PROVIDED DATA:
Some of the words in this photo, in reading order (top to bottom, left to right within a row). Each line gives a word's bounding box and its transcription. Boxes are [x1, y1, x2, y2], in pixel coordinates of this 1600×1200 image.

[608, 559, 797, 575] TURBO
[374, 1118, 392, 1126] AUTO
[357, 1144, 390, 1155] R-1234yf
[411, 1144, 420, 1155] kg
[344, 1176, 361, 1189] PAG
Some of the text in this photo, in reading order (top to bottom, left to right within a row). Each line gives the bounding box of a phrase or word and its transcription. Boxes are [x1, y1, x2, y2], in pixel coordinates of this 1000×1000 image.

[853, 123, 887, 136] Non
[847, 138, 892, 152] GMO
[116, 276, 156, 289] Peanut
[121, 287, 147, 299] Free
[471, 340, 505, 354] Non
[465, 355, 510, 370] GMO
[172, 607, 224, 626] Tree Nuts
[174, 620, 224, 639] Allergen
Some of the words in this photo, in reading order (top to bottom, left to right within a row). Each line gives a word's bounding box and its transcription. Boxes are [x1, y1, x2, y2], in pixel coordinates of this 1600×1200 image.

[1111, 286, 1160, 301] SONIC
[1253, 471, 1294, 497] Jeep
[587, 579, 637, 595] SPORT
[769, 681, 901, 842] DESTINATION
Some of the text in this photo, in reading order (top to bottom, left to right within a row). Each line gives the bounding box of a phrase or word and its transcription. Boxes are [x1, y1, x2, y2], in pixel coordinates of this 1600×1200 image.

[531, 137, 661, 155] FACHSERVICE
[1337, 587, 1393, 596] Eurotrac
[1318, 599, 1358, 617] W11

PROBLEM TO WORK ON: The records above must be transcribed in full, word for word.

RESPONSE AREA:
Some of the words in this photo, in reading order (top to bottom, left to right within a row). Each line gives a word's bounding box and its transcription. Boxes are [x1, y1, x2, y2], in pixel coordinates of this 1600×1200 image.

[608, 559, 797, 575] TURBO
[374, 1118, 392, 1126] AUTO
[357, 1144, 390, 1155] R-1234yf
[411, 1144, 420, 1155] kg
[344, 1176, 361, 1189] PAG
Some of the text in this photo, in reading order (top to bottom, left to right within a row). Each line gives the bounding box of a phrase or word and its transcription. Boxes are [x1, y1, x2, y2], in pixel coordinates of this 1000×1000 image.

[853, 123, 887, 136] Non
[847, 138, 892, 152] GMO
[116, 276, 156, 289] Peanut
[121, 287, 147, 299] Free
[471, 340, 505, 354] Non
[465, 355, 510, 370] GMO
[172, 607, 224, 626] Tree Nuts
[174, 620, 224, 639] Allergen
Some of the words in this photo, in reading order (top to bottom, left to right within a row). Each line gives a word's bounding box and its transcription. Boxes are [x1, y1, x2, y2], in pixel coordinates of this 1600×1200 image.

[1111, 286, 1160, 301] SONIC
[1253, 471, 1294, 497] Jeep
[587, 579, 637, 595] SPORT
[769, 681, 901, 842] DESTINATION
Some of the text in this photo, in reading order (top to bottom, left to right within a row). Each line gives the bounding box of a phrase or word and its transcription. Boxes are [x1, y1, x2, y2], in pixel coordinates of this 1600×1200 image.

[531, 137, 661, 155] FACHSERVICE
[1337, 587, 1393, 596] Eurotrac
[1318, 599, 1358, 617] W11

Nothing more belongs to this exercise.